A regional overview of the Northern Cape
By John Young
South Africa’s largest province is also the country’s sunniest and investors in solar energy are taking advantage of large tracts of sunlit land to build giant solar farms.
South Africa’s newest university is growing in Kimberley and one of the world’s biggest scientific projects, the Square Kilometre Array (SKA) radio telescope, is taking shape around Carnarvon.
Sol Plaatje University has a strong suit in teacher training, but an expanding curriculum speaks both to being able to exploit the SKA link through subjects such as ICT and data science and an appreciation of the past via heritage studies and paleo-sciences. The university’s location in an arid region means that future programmes will be developed to study agriculture in water-stressed conditions.
Building on the campus, which will eventually cover 190 000 m², is expected to continue for another decade. The competition held to choose architects for the first new buildings lead to some award-winning designs, including the multi-functional building (pictured) which houses a canteen, residences, offices and a retail section. The colourful wind-driven louvres were designed by Savage + Dodd Architects and executed by RVI Architectural Solutions.
Several black and women-owned companies have been active on the 12 projects currently underway. A Great Hall is planned on a portion of the Oppenheimer Gardens.
Mining and agriculture, the traditional pillars of the provincial economy, remain important. Both sectors continue to contribute (despite fluctuating iron-ore prices and periodic droughts) but both sectors are showing potential to expand into new and productive terrain.
The Kalahari Basin contains 80% of the world’s manganese reserve, but only 15% of global production comes from this area so there is enormous scope for development. Several new black-owned manganese projects are underway. The world receives 7% of its diamonds from the Northern Cape, and exports of zinc and lead from the province account for 13% of global demand.
Iron-ore miners have done particularly well recently but it’s the development of new zinc and copper projects that is catching the eye. Vedanta Zinc International has invested $400-million in the first phase of its Gamsberg project and Orion Minerals announced in 2019 that its bankable feasibility study was positive for a planned zinc and copper project at Okiep.
The modern global economy needs particular minerals for its cellphones, renewable energy batteries and electric vehicles, and the Northern Cape has a lot of them.

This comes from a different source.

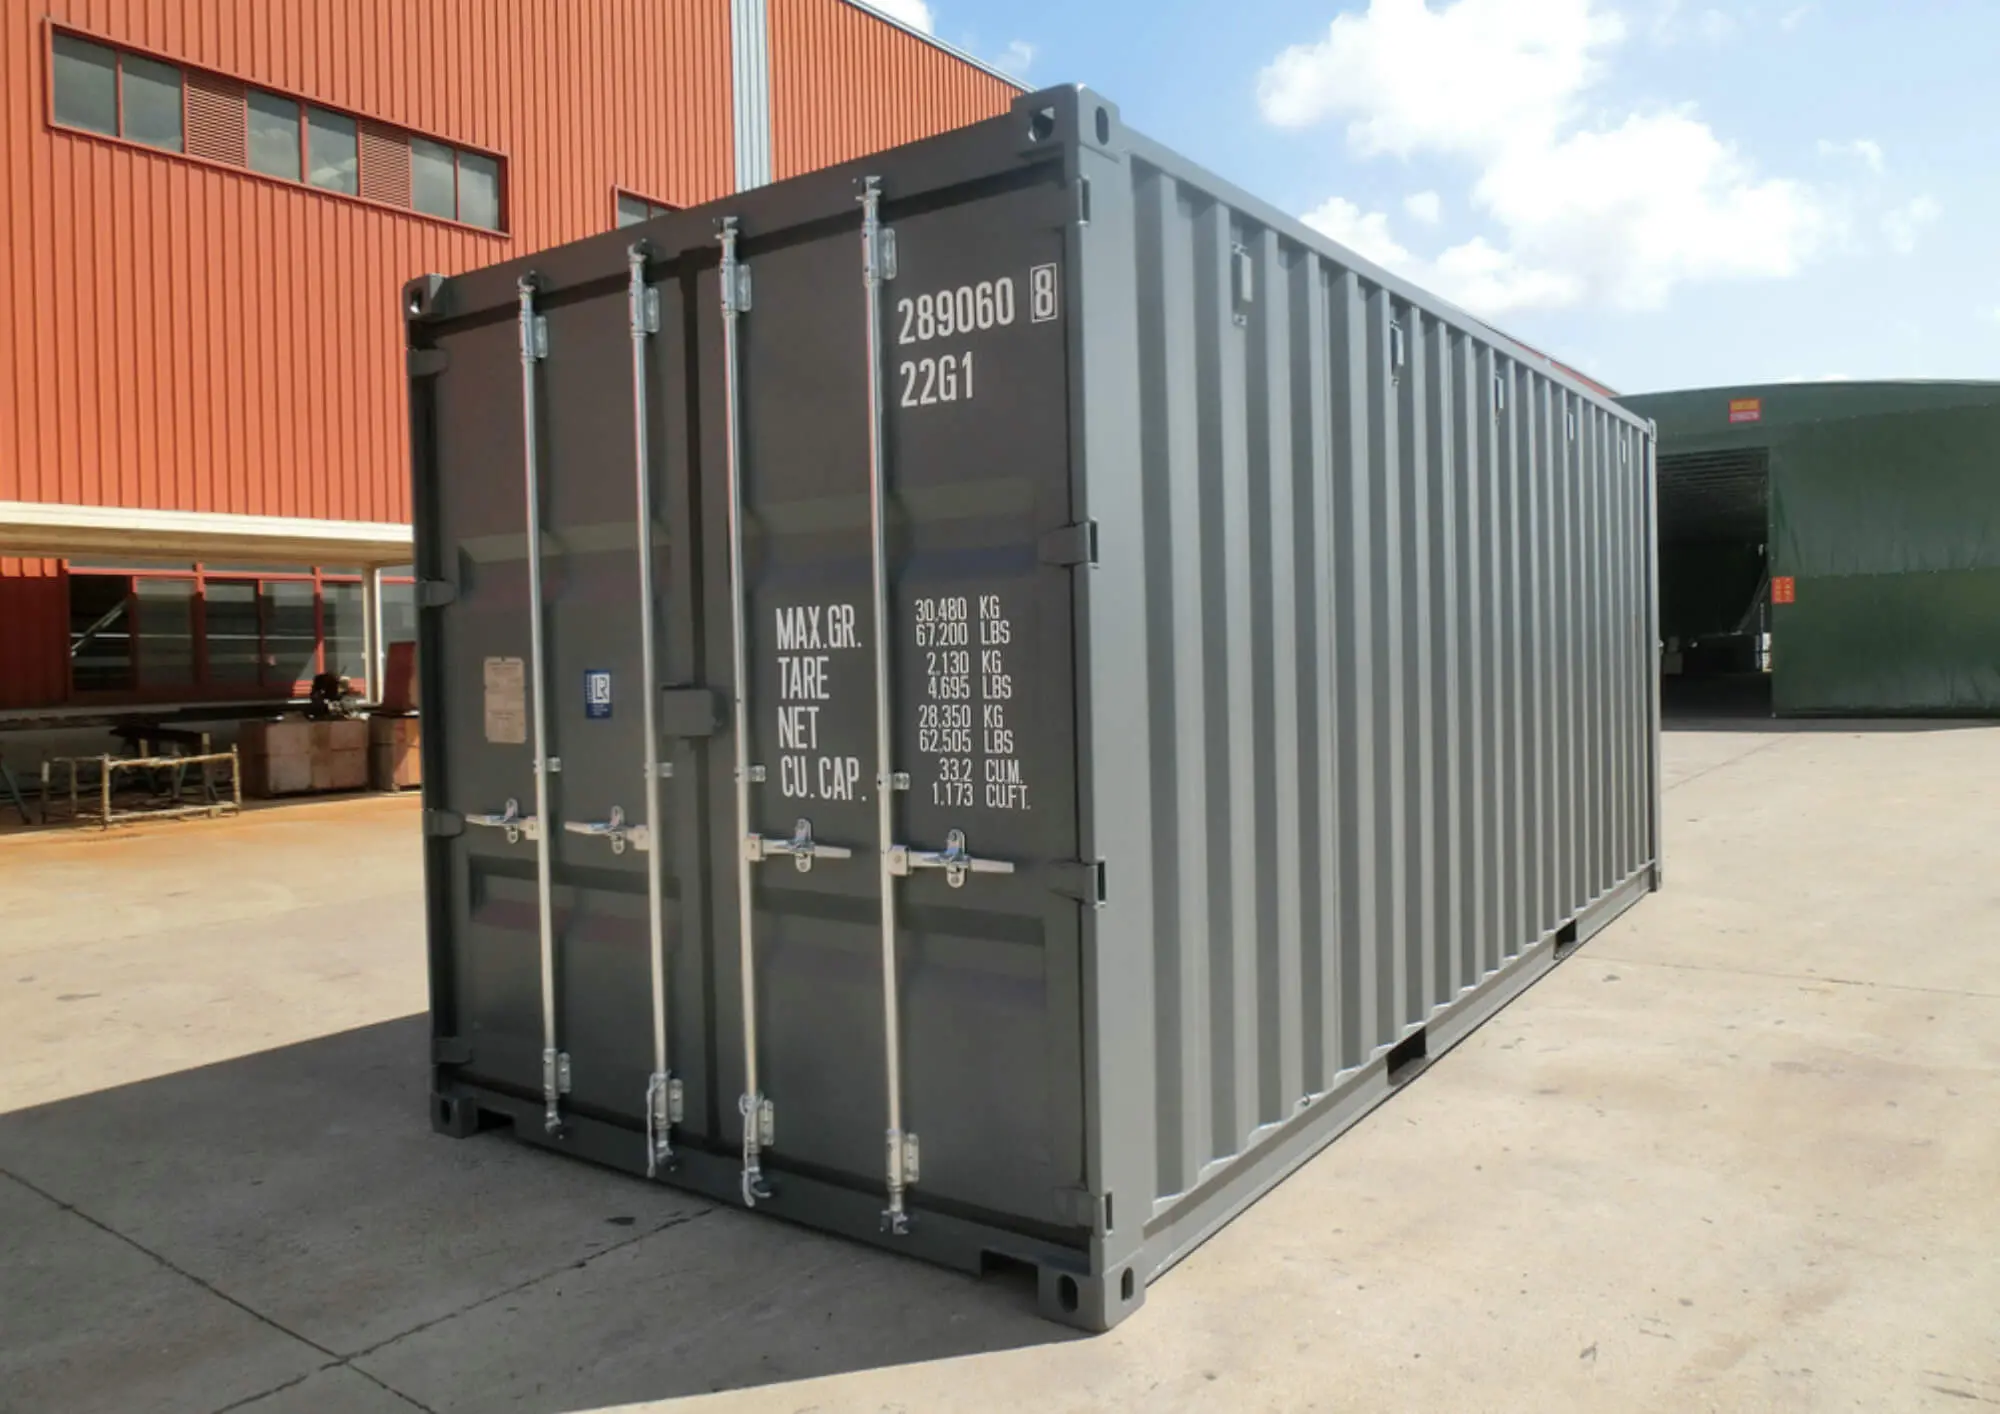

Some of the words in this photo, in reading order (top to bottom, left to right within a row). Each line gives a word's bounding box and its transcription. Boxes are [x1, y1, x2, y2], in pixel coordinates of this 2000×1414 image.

Investors are expected to follow in search of cobalt, copper, lead, nickel and zinc.
A notable feature of Northern Cape agriculture is its diversity, a result of the diverse soil and weather conditions. The 38 000 ha Vaalharts Irrigation Scheme produces wheat, fruit, groundnuts, cotton and maize and along the banks of the Orange River many high-value horticultural products such as table grapes, wine grapes, sultanas and cereal crops are cultivated. A quarter of the country’s onions are produced in the Northern Cape and in the drier areas, goats and sheep do well.
Niche products such as rooibos tea and karakul pelts are other provincial specialities, with aquaculture and mariculture showing great potential. Sea Harvest, the new owner of Viking Aquaculture, has started work on expanding its Diamond Coast Aquaculture facility near Kleinzee. It currently covers 400 ha and produces 100 tons of abalone per year. The plan is to increase production five-fold to cater for increased demand, particularly from Hong Kong.
The Provincial Government of the Northern Cape wants to develop an industrial base for the province based on agriculture and mining.
Various projects such as the creation of a rooibos tea plant are supporting that plan, as are the various spatial planning initiatives being pursued by provincial government. These include corridors of development, industrial parks and Special Economic Zones.
There are plans to build on the existing infrastructure that lies on the east-west axis roughly aligned with the existing N14 national highway and the Sishen-Saldanha railway freight line.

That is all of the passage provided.